*** Input Section Begins ***

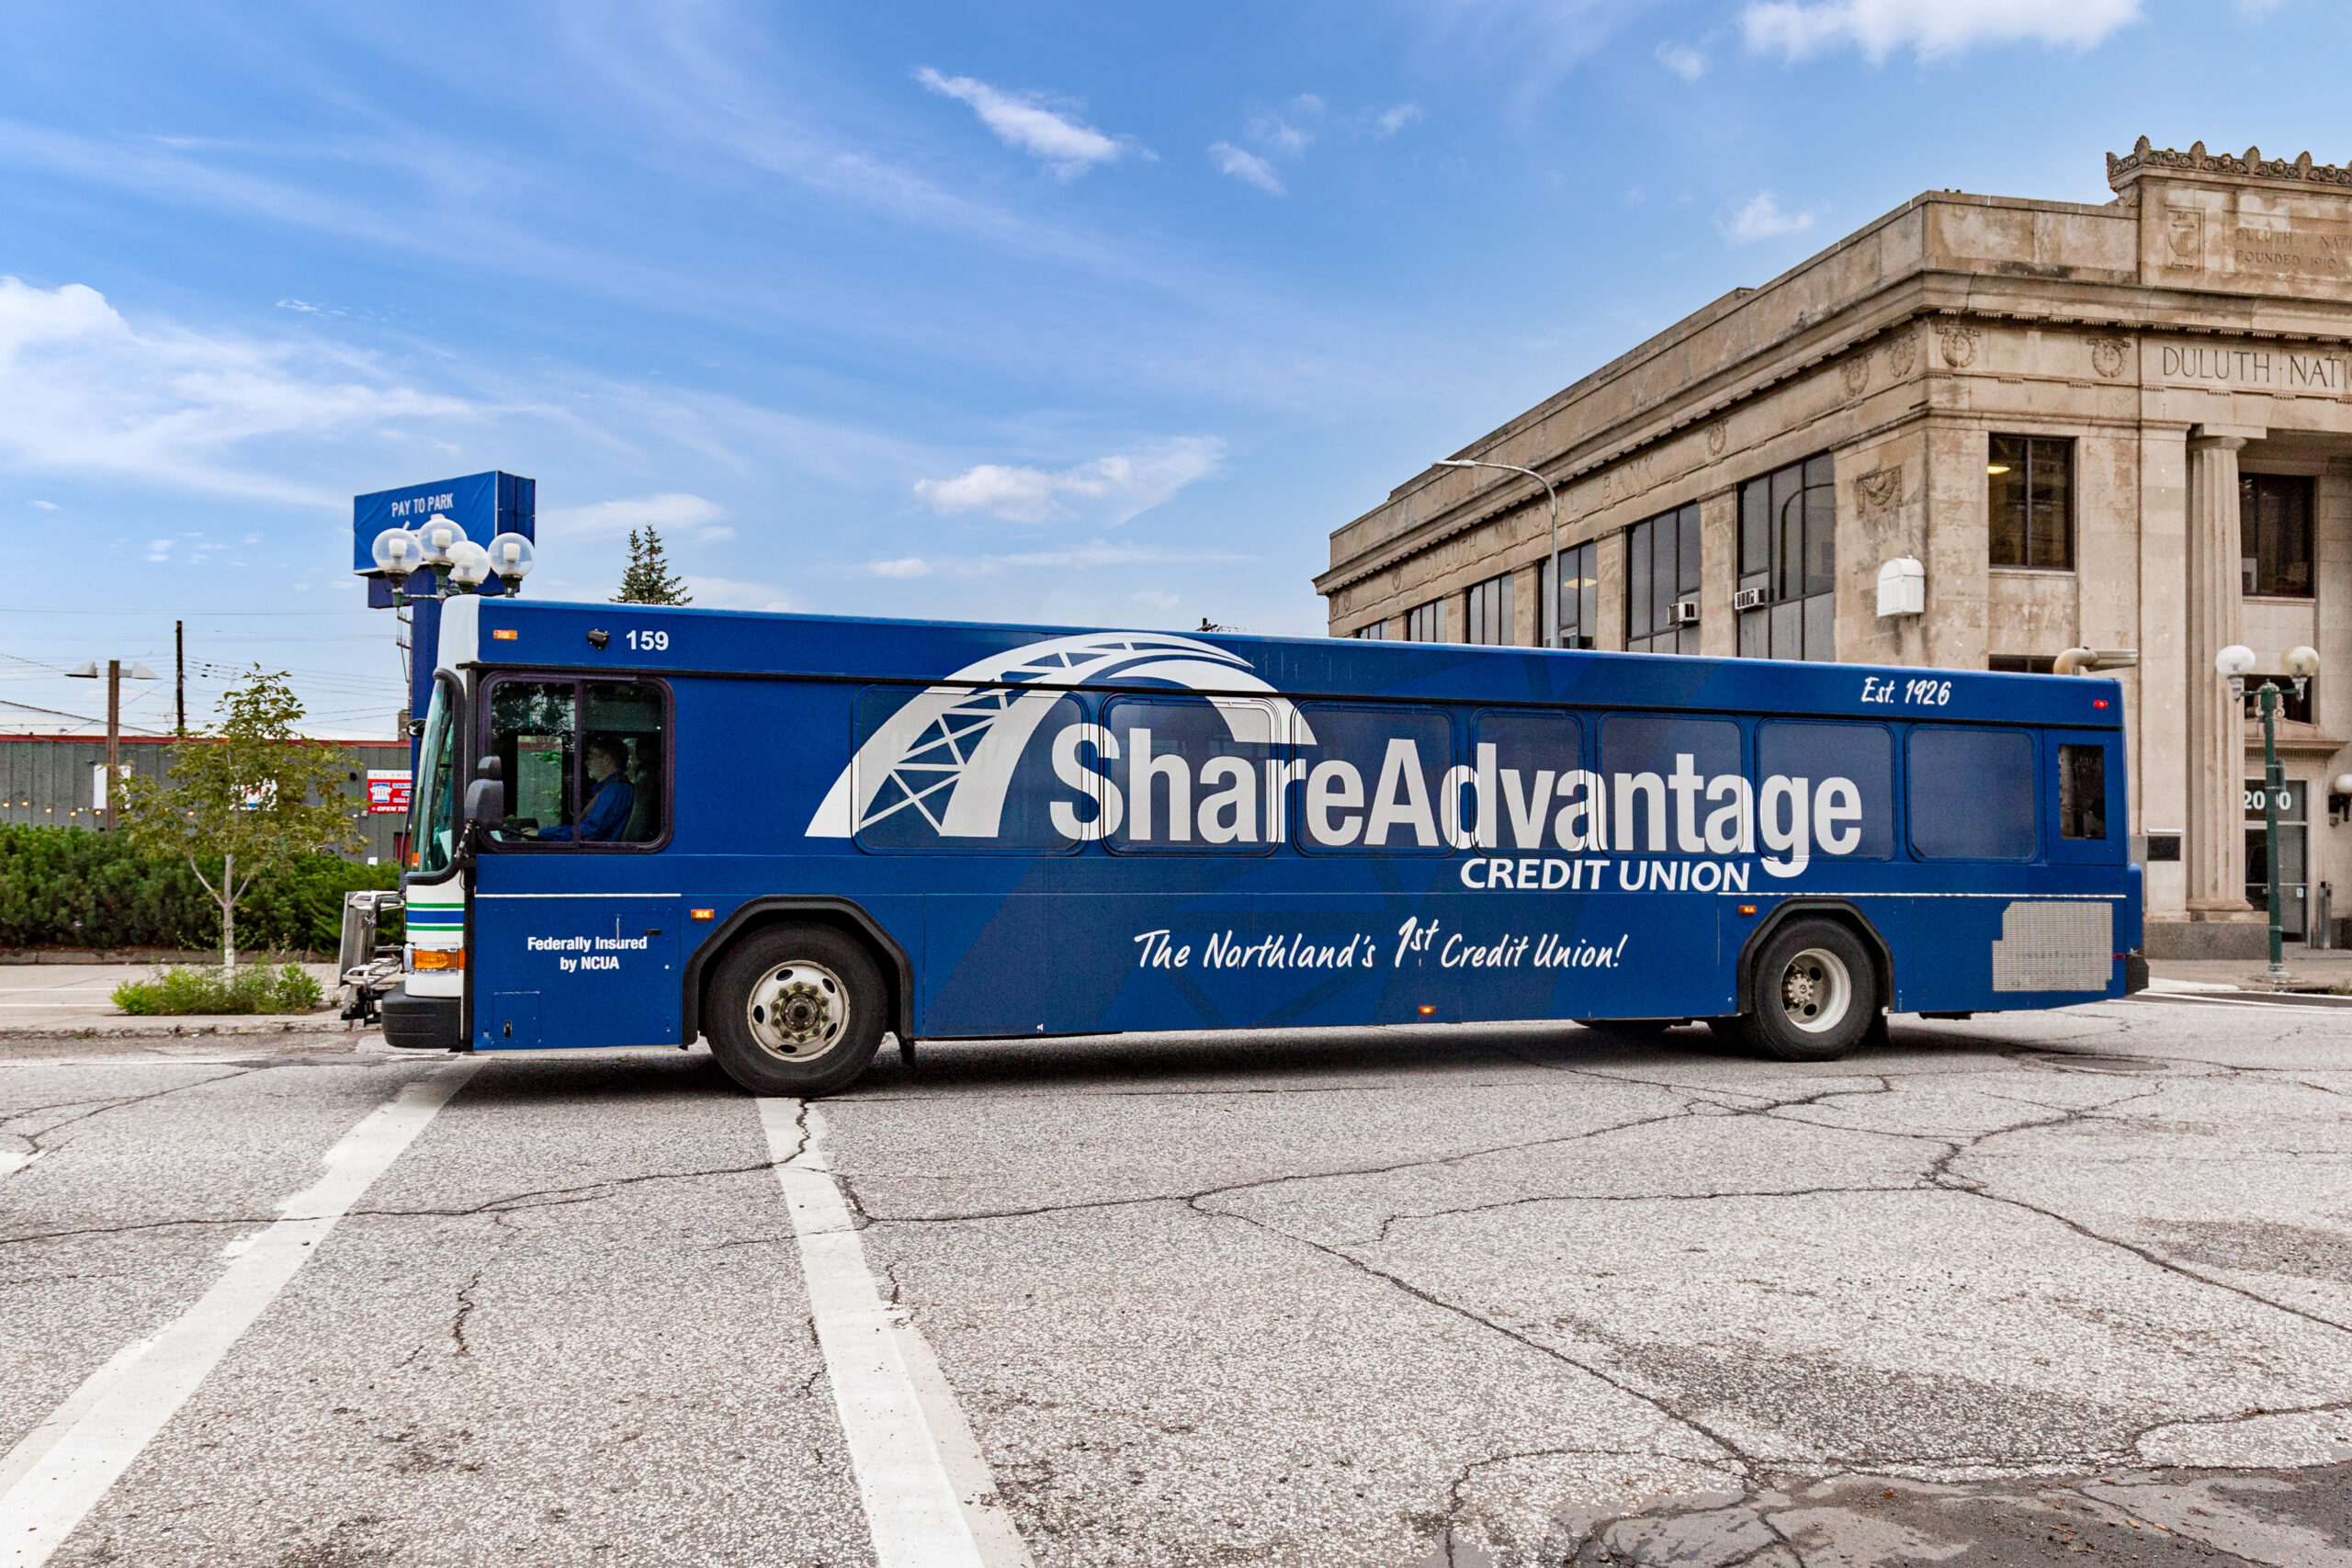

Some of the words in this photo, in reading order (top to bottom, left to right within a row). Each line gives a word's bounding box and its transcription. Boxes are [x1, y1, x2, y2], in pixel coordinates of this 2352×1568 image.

[2234, 250, 2301, 265] FOUNDED
[2163, 346, 2270, 382] DULUTH
[2290, 355, 2352, 389] NATI
[1602, 456, 1655, 500] BANK
[391, 500, 411, 517] PAY
[413, 498, 425, 513] TO
[427, 493, 453, 512] PARK
[626, 630, 669, 651] 159
[1860, 676, 1895, 704] Est.
[1905, 679, 1951, 705] 1926
[1049, 722, 1862, 878] ShareAdvantage
[2244, 791, 2292, 810] 200
[1460, 857, 1611, 890] CREDIT
[1619, 860, 1751, 892] UNION
[527, 936, 592, 953] Federally
[595, 936, 648, 950] Insured
[1135, 930, 1191, 968] The
[1204, 930, 1376, 969] Northland's
[1395, 916, 1440, 968] 1st
[1442, 933, 1529, 968] Credit
[1534, 933, 1629, 968] Union!
[560, 956, 577, 973] by
[581, 955, 620, 970] NCUA
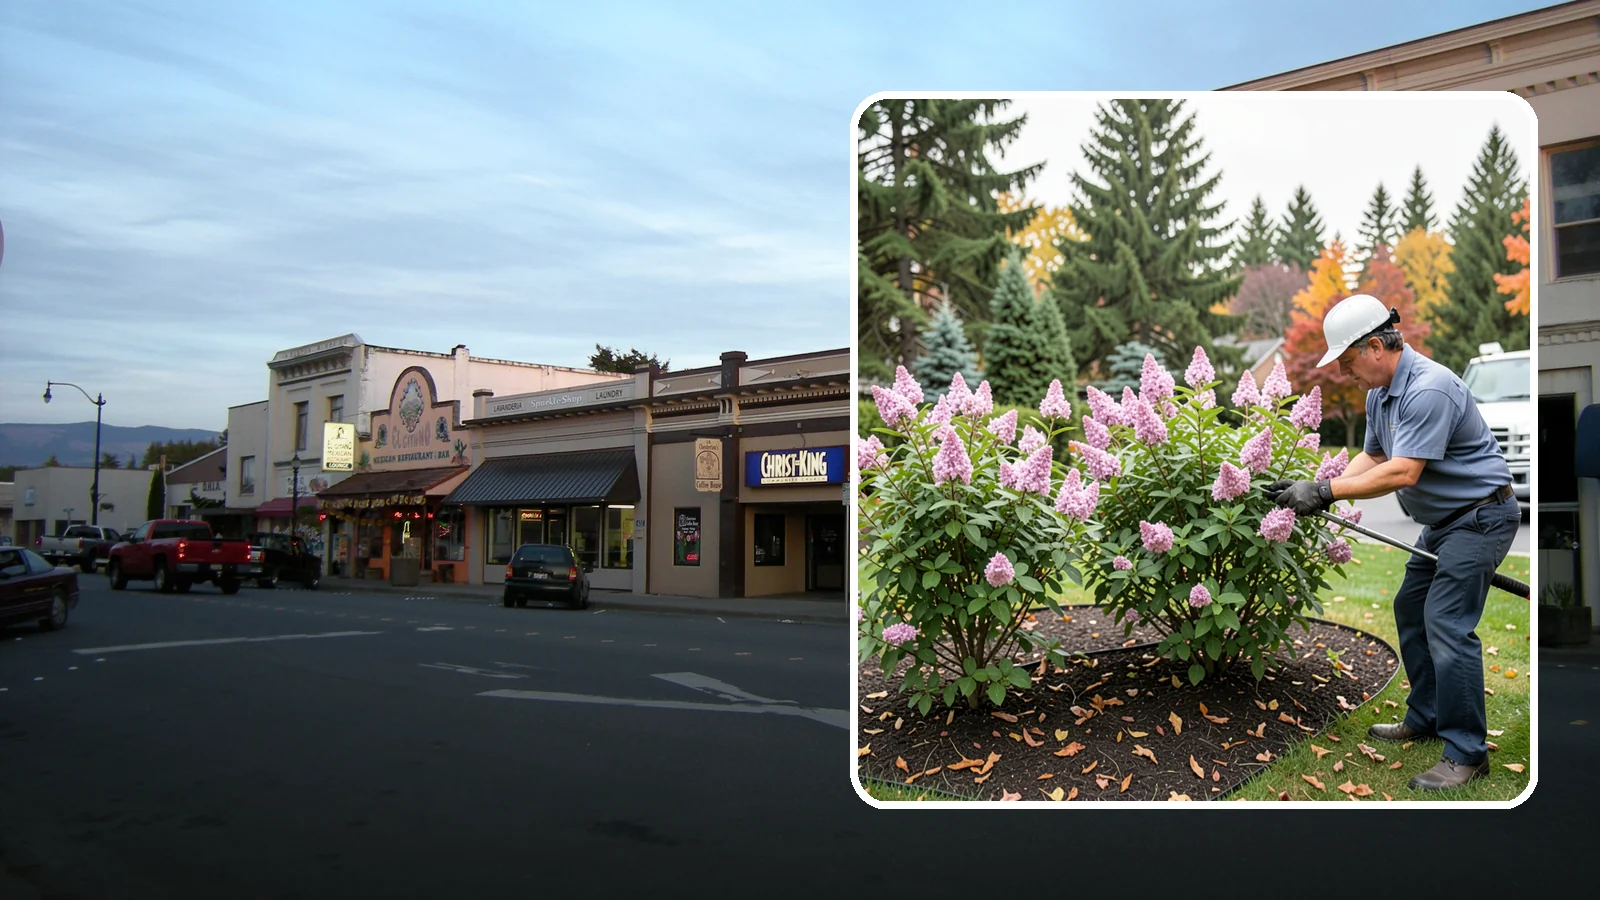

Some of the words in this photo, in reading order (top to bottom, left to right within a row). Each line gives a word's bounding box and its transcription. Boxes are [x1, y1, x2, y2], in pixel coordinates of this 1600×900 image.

[595, 389, 623, 400] LAUNDRY
[493, 402, 522, 413] LAVANDERIA
[530, 398, 561, 409] Sparkle
[561, 395, 582, 405] Shop
[392, 426, 402, 449] EL
[373, 455, 396, 464] MEXICAN
[397, 451, 433, 462] RESTAURANT
[438, 450, 450, 459] BAR
[760, 452, 797, 478] CHRIST
[799, 450, 827, 476] KING
[696, 481, 709, 489] Coffee
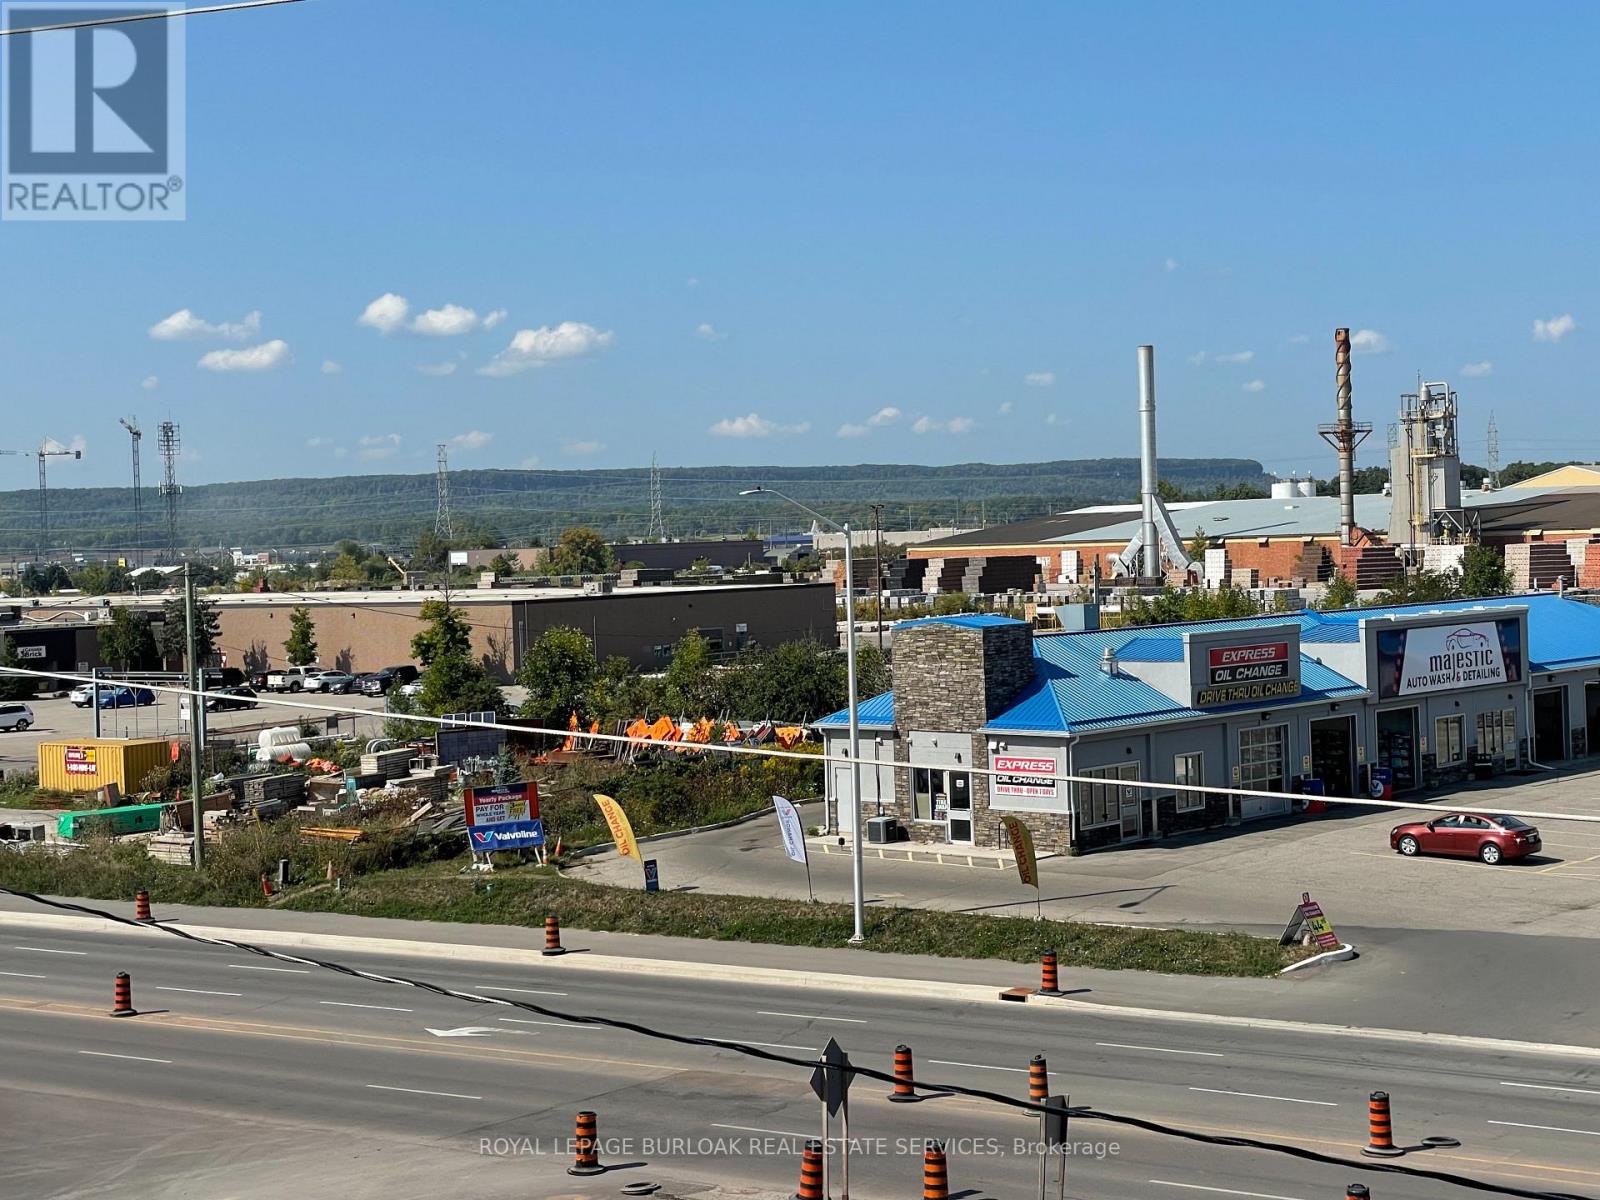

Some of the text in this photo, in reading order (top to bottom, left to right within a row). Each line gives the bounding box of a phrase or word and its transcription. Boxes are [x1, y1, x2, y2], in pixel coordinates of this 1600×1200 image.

[1222, 647, 1276, 662] EXPRESS
[1215, 664, 1283, 681] OIL CHANGE
[1406, 676, 1428, 689] AUTO
[1429, 673, 1451, 686] WASH
[1463, 667, 1500, 681] DETAILING
[1199, 680, 1299, 704] DRIVE THRU OIL CHANGE
[996, 760, 1054, 771] EXPRESS
[996, 775, 1054, 785] OIL CHANGE
[996, 786, 1010, 794] DRIVE
[1011, 786, 1024, 794] THRU
[1027, 787, 1038, 795] OPEN
[1042, 788, 1055, 796] DAYS
[478, 794, 522, 804] Yearly Package
[494, 830, 538, 841] Valvoline
[602, 800, 630, 856] OIL CHANGE
[1009, 821, 1031, 883] OIL CHANGE

*** Input Section Ends ***

## Exercise
Would you please set down the data above again exactly, without its pictures?

## Task answer
Some of the words in this photo, in reading order (top to bottom, left to right within a row). Each line gives a word's bounding box and its transcription. Boxes are [x1, y1, x2, y2], in pixel coordinates of this 2352×1568 image.

[2234, 250, 2301, 265] FOUNDED
[2163, 346, 2270, 382] DULUTH
[2290, 355, 2352, 389] NATI
[1602, 456, 1655, 500] BANK
[391, 500, 411, 517] PAY
[413, 498, 425, 513] TO
[427, 493, 453, 512] PARK
[626, 630, 669, 651] 159
[1860, 676, 1895, 704] Est.
[1905, 679, 1951, 705] 1926
[1049, 722, 1862, 878] ShareAdvantage
[2244, 791, 2292, 810] 200
[1460, 857, 1611, 890] CREDIT
[1619, 860, 1751, 892] UNION
[527, 936, 592, 953] Federally
[595, 936, 648, 950] Insured
[1135, 930, 1191, 968] The
[1204, 930, 1376, 969] Northland's
[1395, 916, 1440, 968] 1st
[1442, 933, 1529, 968] Credit
[1534, 933, 1629, 968] Union!
[560, 956, 577, 973] by
[581, 955, 620, 970] NCUA

Some of the words in this photo, in reading order (top to bottom, left to right within a row). Each line gives a word's bounding box and its transcription. Boxes are [x1, y1, x2, y2], in pixel coordinates of this 1600×900 image.

[595, 389, 623, 400] LAUNDRY
[493, 402, 522, 413] LAVANDERIA
[530, 398, 561, 409] Sparkle
[561, 395, 582, 405] Shop
[392, 426, 402, 449] EL
[373, 455, 396, 464] MEXICAN
[397, 451, 433, 462] RESTAURANT
[438, 450, 450, 459] BAR
[760, 452, 797, 478] CHRIST
[799, 450, 827, 476] KING
[696, 481, 709, 489] Coffee

Some of the text in this photo, in reading order (top to bottom, left to right within a row). Each line gives the bounding box of a phrase or word and its transcription. Boxes are [x1, y1, x2, y2], in pixel coordinates of this 1600×1200 image.

[1222, 647, 1276, 662] EXPRESS
[1215, 664, 1283, 681] OIL CHANGE
[1406, 676, 1428, 689] AUTO
[1429, 673, 1451, 686] WASH
[1463, 667, 1500, 681] DETAILING
[1199, 680, 1299, 704] DRIVE THRU OIL CHANGE
[996, 760, 1054, 771] EXPRESS
[996, 775, 1054, 785] OIL CHANGE
[996, 786, 1010, 794] DRIVE
[1011, 786, 1024, 794] THRU
[1027, 787, 1038, 795] OPEN
[1042, 788, 1055, 796] DAYS
[478, 794, 522, 804] Yearly Package
[494, 830, 538, 841] Valvoline
[602, 800, 630, 856] OIL CHANGE
[1009, 821, 1031, 883] OIL CHANGE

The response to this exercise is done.